Metro

Kerry Kennedy says seizure, not drugs, responsible for crash

Kerry Kennedy says she believes her recent auto accident on a New York interstate was caused not by drugs but by a seizure stemming from an old brain injury.

“I apologize to the other drivers who were on the road that day,” Kennedy said outside the courthouse.

Kennedy pleaded not guilty Tuesday night to driving while drug impaired. She was released, but she has to submit to fingerprinting and drug evaluation.

Kennedy said she remembers getting on the highway to go to the gym “and then I have no memory until I was stopped at a traffic light and a police officer was at my car door.”

She said she felt “confused and erratic” and told the officer she might have accidentally taken an Ambien sleeping pill instead of her daily thyroid pill. But drug tests later that day showed “no alcohol, recreational drugs or prescription medication in my system,” she said.

In the crash, the 52-year-old ex-wife of Gov. Andrew Cuomo was swaying, had impaired speech and motor skills and failed a trio of sobriety tests given by cops just minutes after she fled the accident scene and careened off Interstate 684 on three wheels, according to the paperwork.

Kennedy was found slumped over the wheel of her car, with the keys in the ignition and the motor running, around 8:09 am last Friday, just off I-684’s Exit 3, on Route 22 and Hunter Road in Armonk, police documents obtained by The Post reveal.

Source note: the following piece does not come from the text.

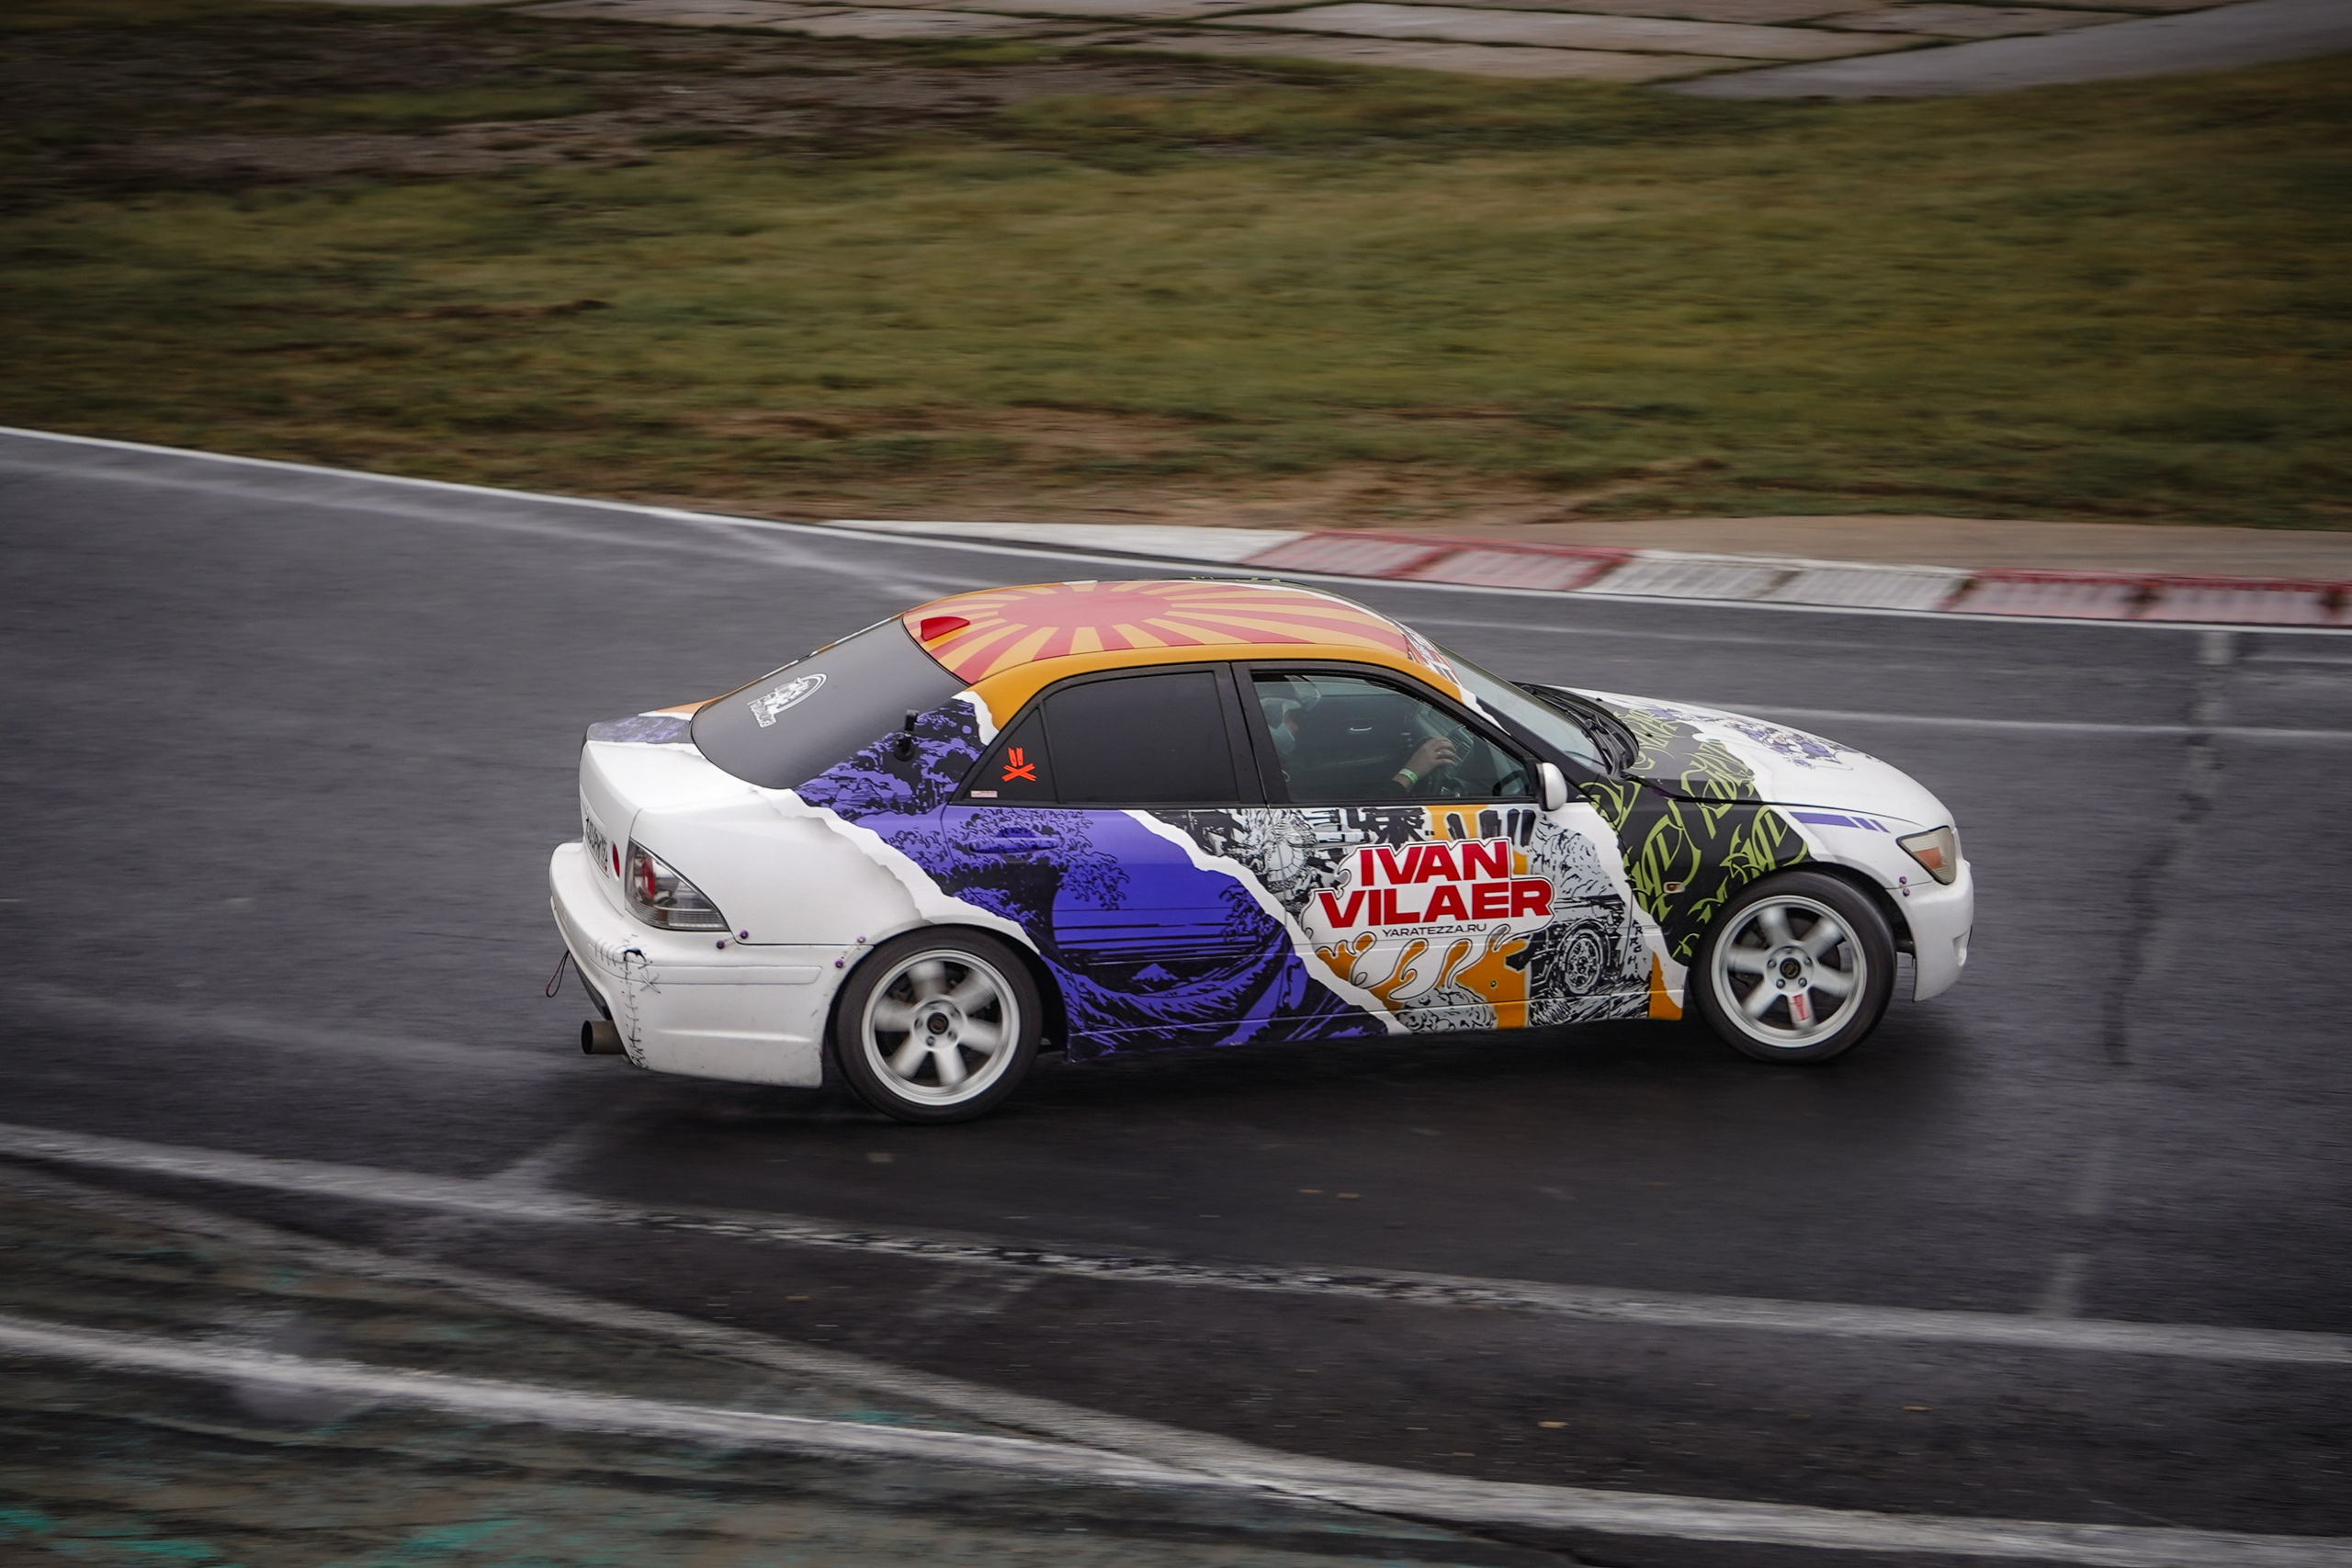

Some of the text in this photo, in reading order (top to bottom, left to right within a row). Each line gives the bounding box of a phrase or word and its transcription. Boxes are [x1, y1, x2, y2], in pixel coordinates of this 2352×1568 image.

[1360, 841, 1508, 886] IVAN
[1318, 879, 1554, 928] VILAER
[1382, 923, 1487, 938] YARATEZZA.RU
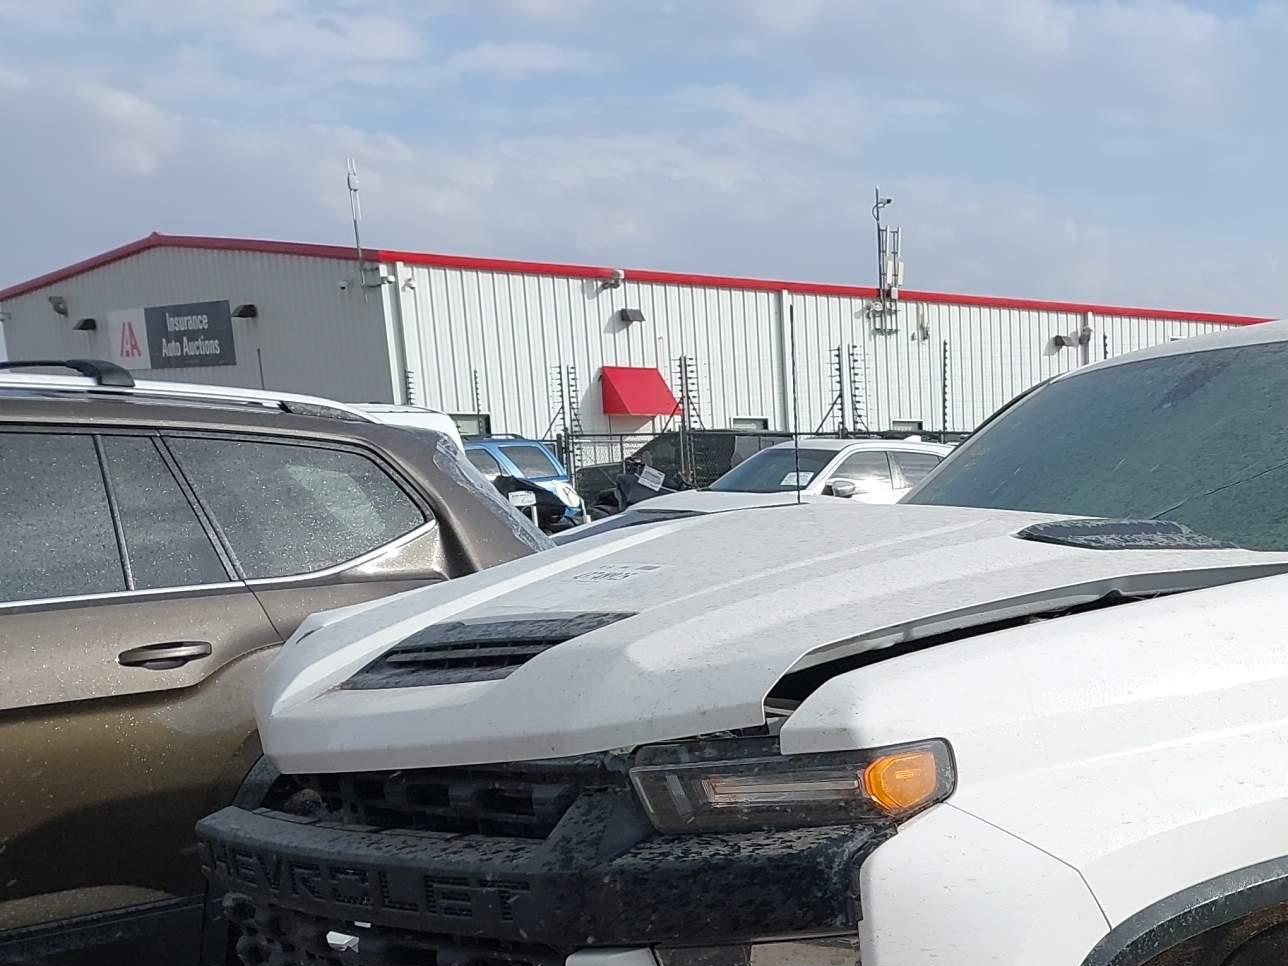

Minutes earlier, Kennedy had terrorized fellow drivers during a 3 mile drive down the highway, cutting off several cars and appearing to “nod off” and snap back to attention, according to Rocco Scuiletti, the truck driver whose 6,000-pound rig Kennedy hit with her 2008 Lexus.

Scuiletti told The Post he sounded his horn and hit the brakes, but the “completely out of it” Kennedy swerved right into him, ripping the passenger side of her car and shredding her tire on the truck’s lug nuts. Kennedy’s tire flew off, and she “floored it,” driving on the rim for nearly half a mile before abruptly exiting the highway, he said.

When cops, alerted by a witness, approached Kennedy, she “stated she had a thyroid medication and a sleeping medication (believed to be Ambien) and it is possible she took the sleeping pill instead of the thyroid pill,’’ according to a supporting deposition signed by North Castle police officer Joel Thomas.

Kennedy said she was driving to New York City from Armonk, the deposition states.

She failed the horizontal eye movement test, the walk-and-turn test and the one-leg stand – all routine tests administered by police in suspected impaired driving incidents.

Kennedy was able to recite the alphabet, according to the document.